■ Dataset records:
• • • •

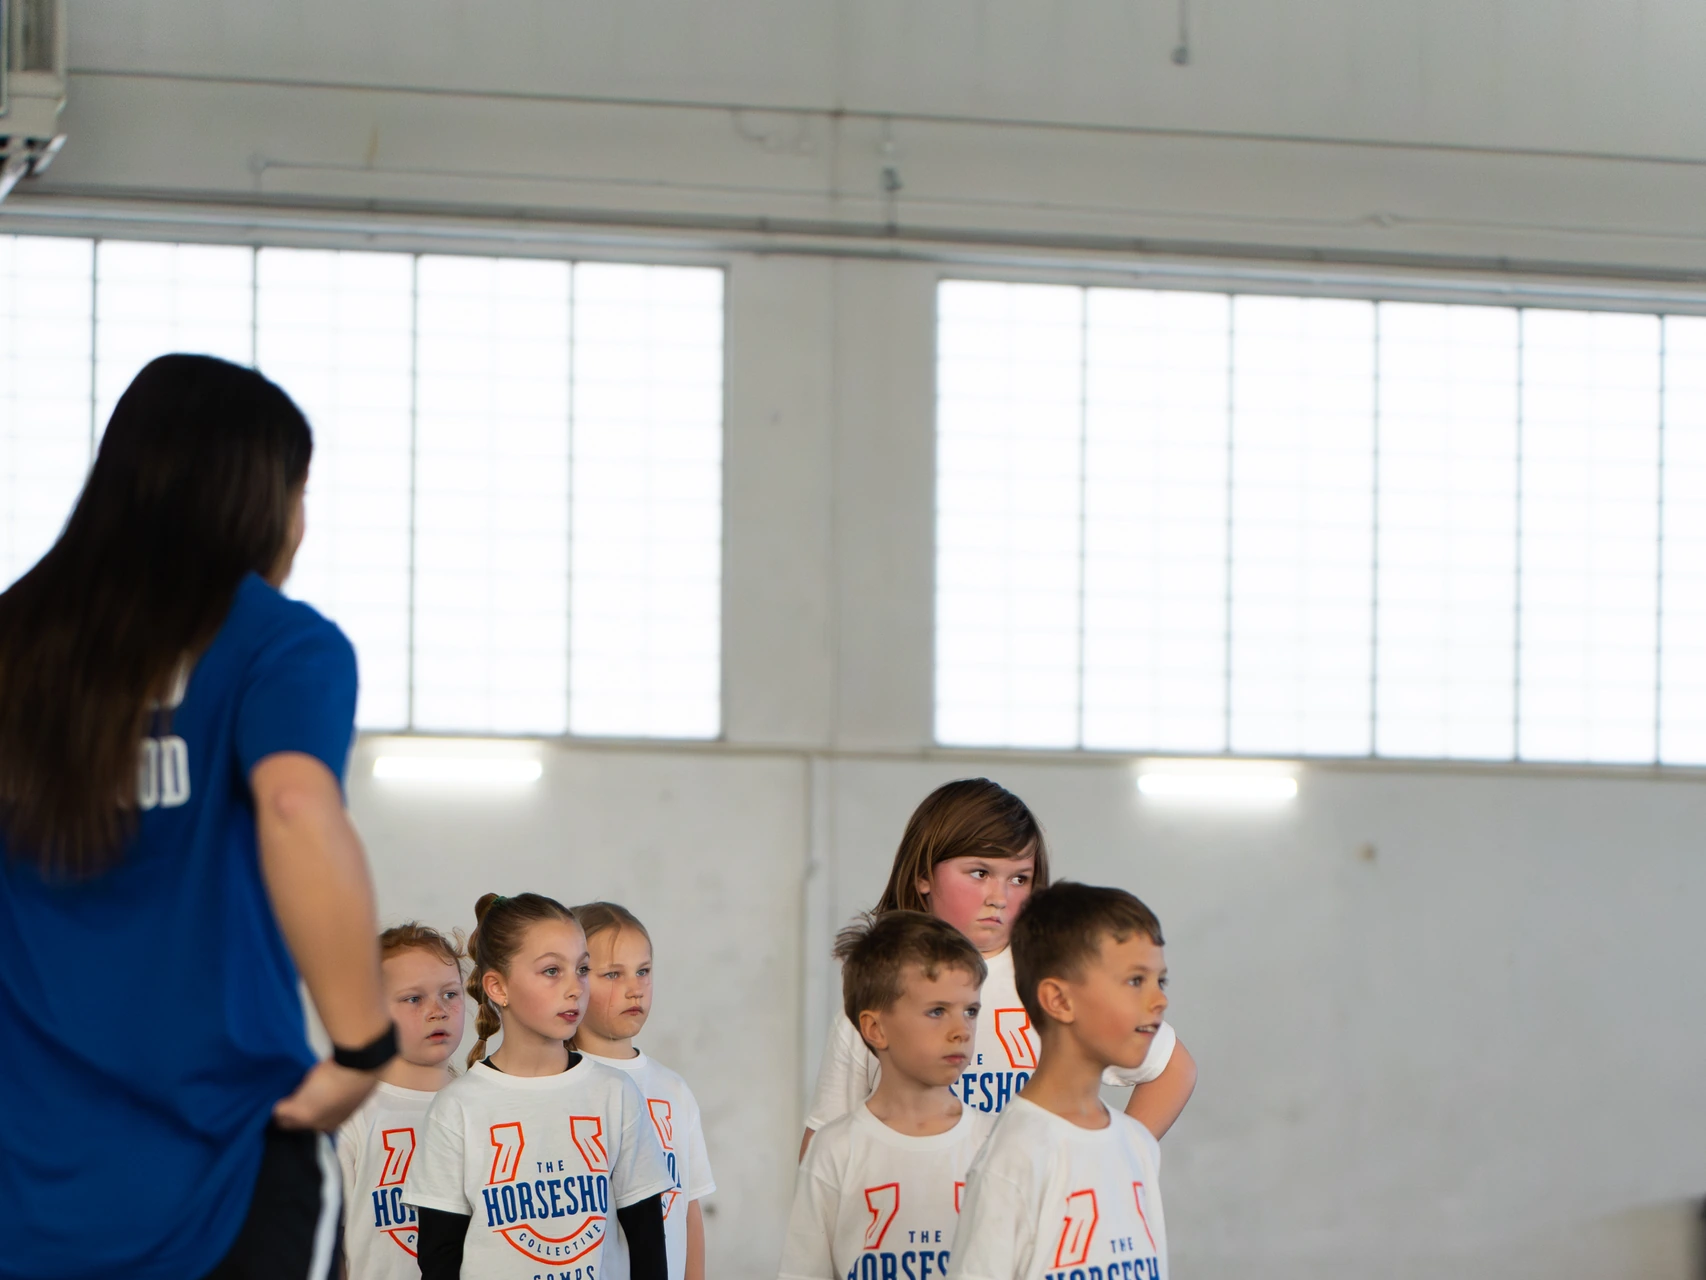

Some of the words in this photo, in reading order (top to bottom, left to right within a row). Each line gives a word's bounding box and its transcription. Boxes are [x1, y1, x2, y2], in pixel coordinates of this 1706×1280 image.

[536, 1160, 564, 1173] THE
[519, 1224, 601, 1256] COLLECTIVE
[908, 1230, 941, 1243] THE
[1110, 1232, 1134, 1254] THE

• • • •

■ What to produce:
Write out all the records exactly, omitting the images.

■ Written response:
Some of the words in this photo, in reading order (top to bottom, left to right within a row). Each line gives a word's bounding box and its transcription. Boxes are [x1, y1, x2, y2], in pixel coordinates of this 1706×1280 image.

[536, 1160, 564, 1173] THE
[519, 1224, 601, 1256] COLLECTIVE
[908, 1230, 941, 1243] THE
[1110, 1232, 1134, 1254] THE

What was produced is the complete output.